Один запах среди прочих манил хозяина тени сюда - вот уже на протяжении нескольких вечеров. Скольких? Считать - не его дело, его дело добраться до вожделенной цели и настигнуть то, чего он жаждет. Он охотник - с острыми зрением и зубами. Он осторожен и расчетлив.
И когда сегодня он подбирается к стене дома, то знает, что источник запаха вновь поджидает его там - за этой стеной. Нетерпение, растаптывая Предвкушение, взяло верх и поработило своего хозяина, гоня его вперед - утолять желания.
В стене была дыра, которая, погладив ночного гостя по жесткой шерсти, пустила его внутрь. Наблюдатель, если бы такой нашелся в эту минуту рядом на улице, увидел бы огромных размеров крысу, проникшую в дом.

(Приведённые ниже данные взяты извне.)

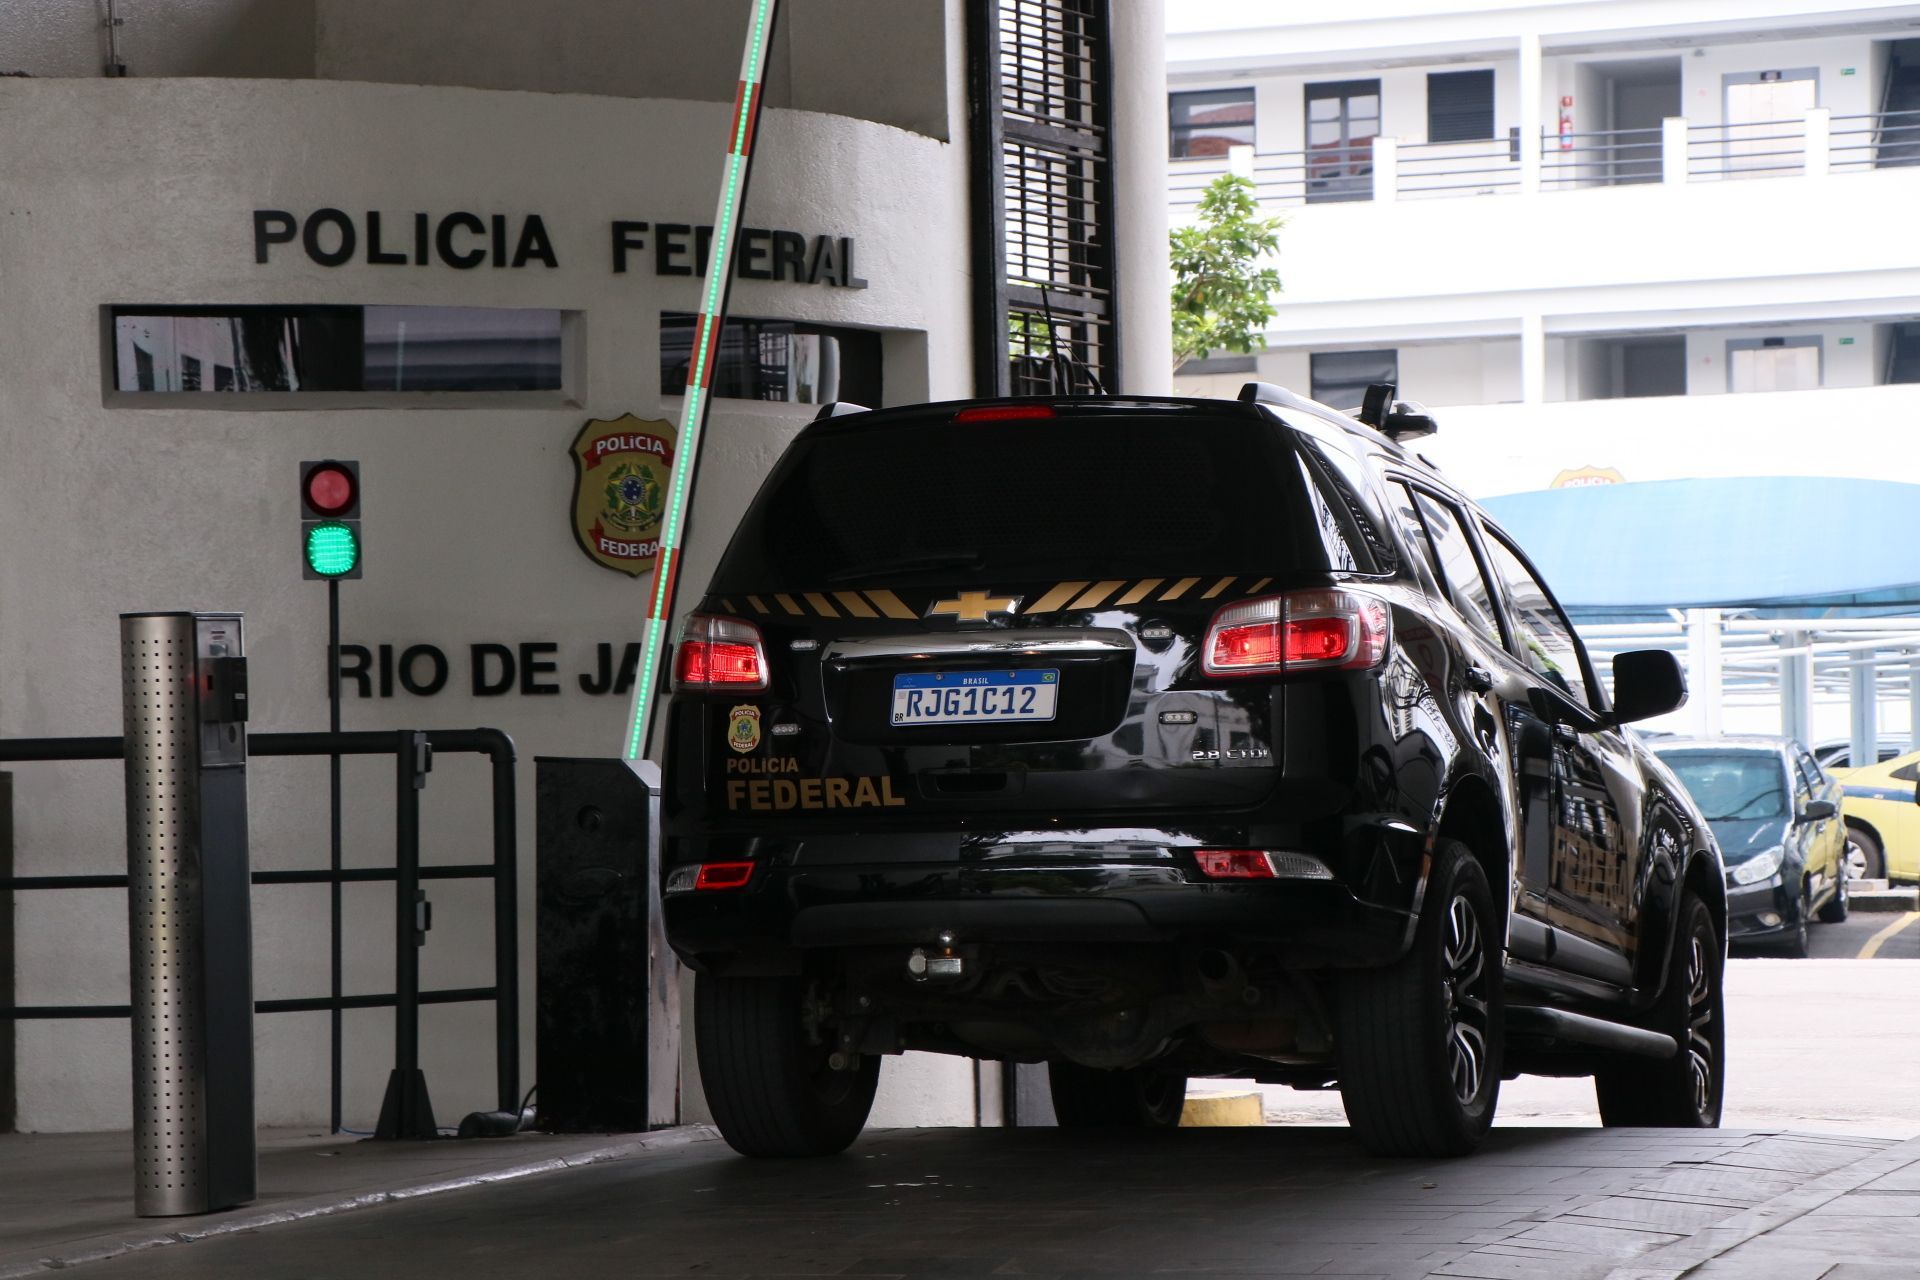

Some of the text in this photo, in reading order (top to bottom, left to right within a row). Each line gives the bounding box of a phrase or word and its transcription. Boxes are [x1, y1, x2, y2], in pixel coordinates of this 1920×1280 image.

[253, 208, 558, 269] POLICIA
[600, 537, 661, 557] FEDERA
[327, 643, 449, 698] RIO
[470, 642, 560, 697] DE
[962, 677, 989, 685] BRASIL
[894, 713, 904, 722] BR
[906, 686, 1037, 718] RJG1C12
[727, 775, 906, 811] FEDERAL
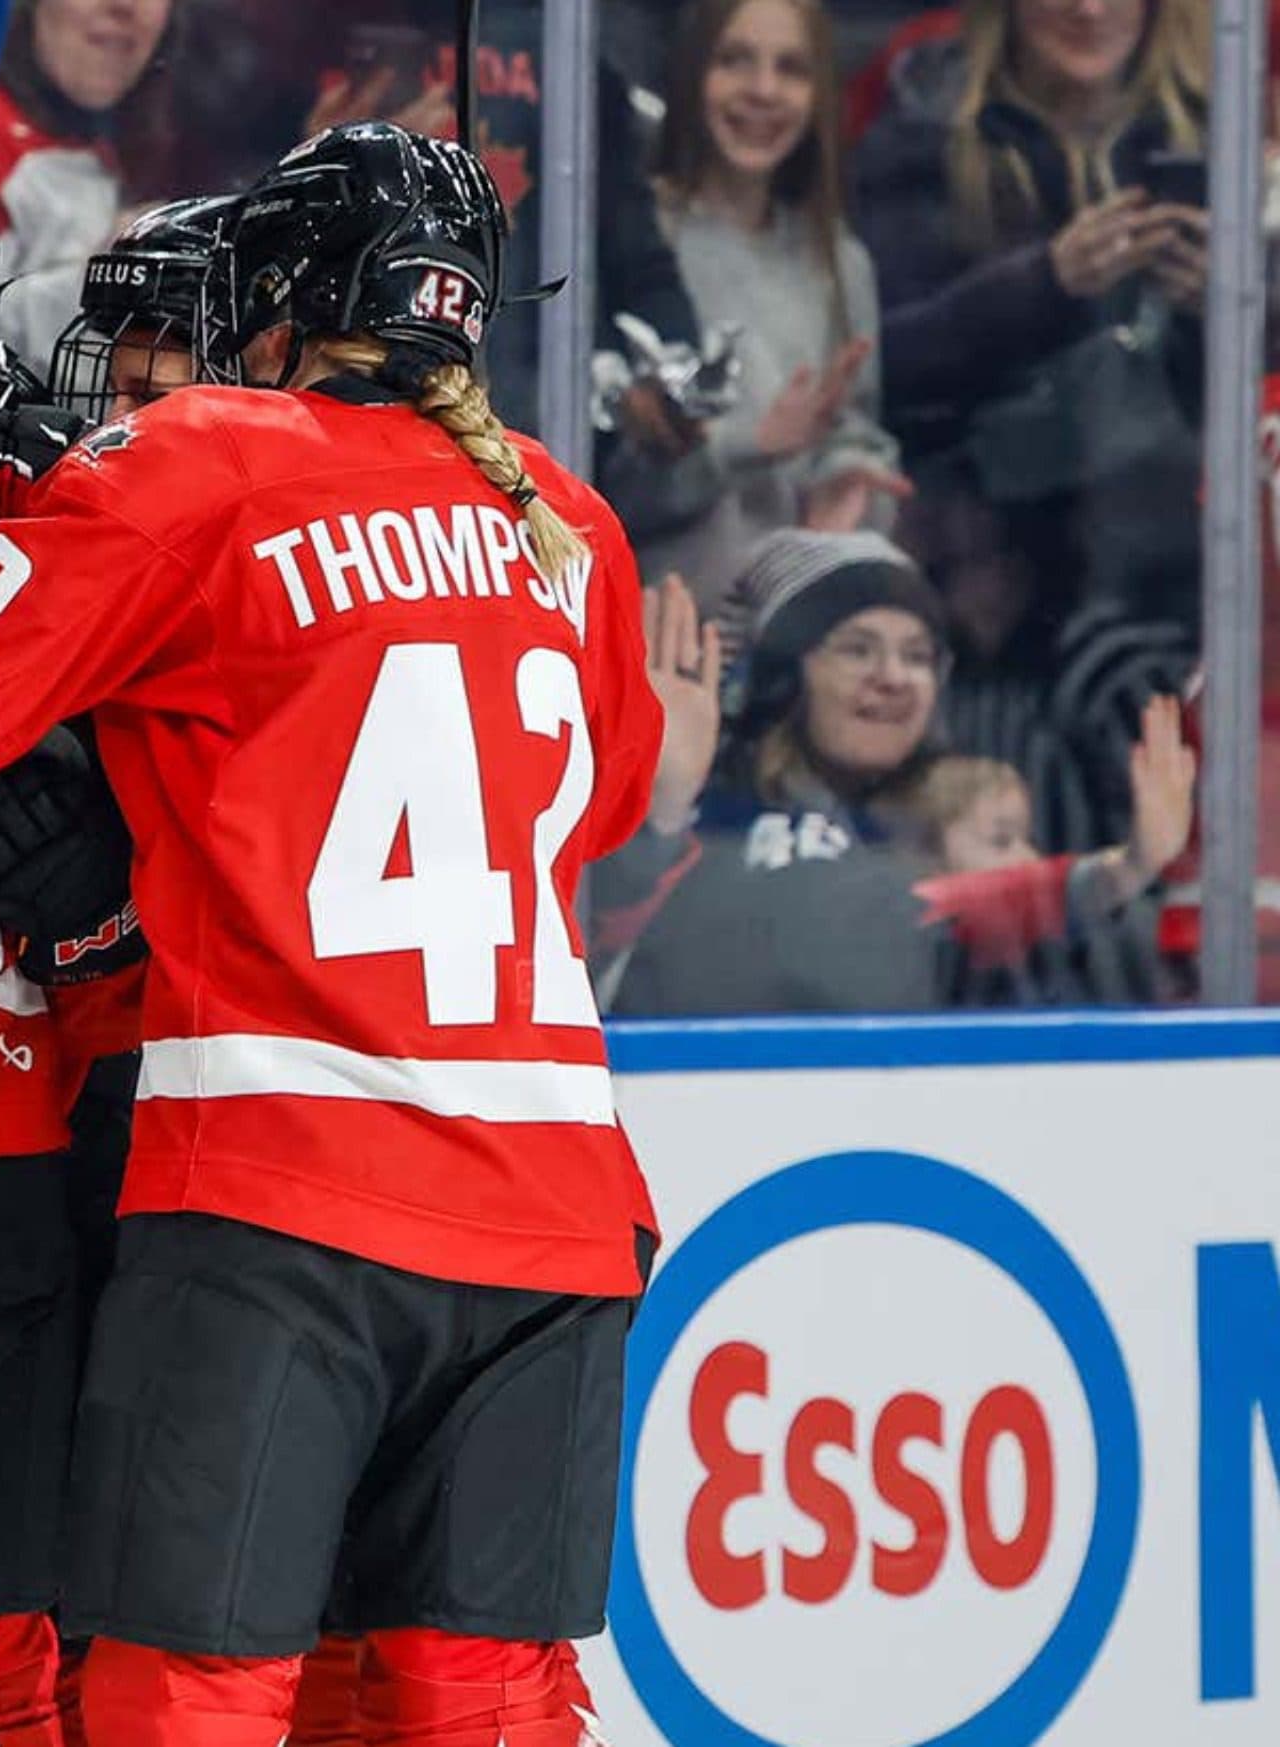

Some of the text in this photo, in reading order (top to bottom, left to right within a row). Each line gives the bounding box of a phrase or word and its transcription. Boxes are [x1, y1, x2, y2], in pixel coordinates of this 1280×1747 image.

Оказавшись внутри грызун доверился памяти и обонянию, бросившись по вентиляционной шахте навстречу своему наваждению. Скребясь когтями по стенке шахты он проносился мимо вентиляционных решеток, из-за которых слышались всевозможные запахи, доносились разные звуки и изредка проникал тусклый свет.
В какой-то момент совсем рядом с ним раздался детский визг - ночной гость замер. Он принюхивался, раздвигая носом воздух. Медленными шажками он направился к источнику встревожившего его звука - к одной из вентиляционных решеток. Она не была знакома ему - почти целая, без единой царапины, и только ржавчина кое-где уже приступила к своему делу. Недоверчиво он ткнул решетку носом. Но больше из-за нее не послышалось ни звука. Постояв совсем немного, избавляясь от наваждения, он развернулся и с еще большей скоростью направился по намеченному ранее маршруту, наверстывая упущенное время.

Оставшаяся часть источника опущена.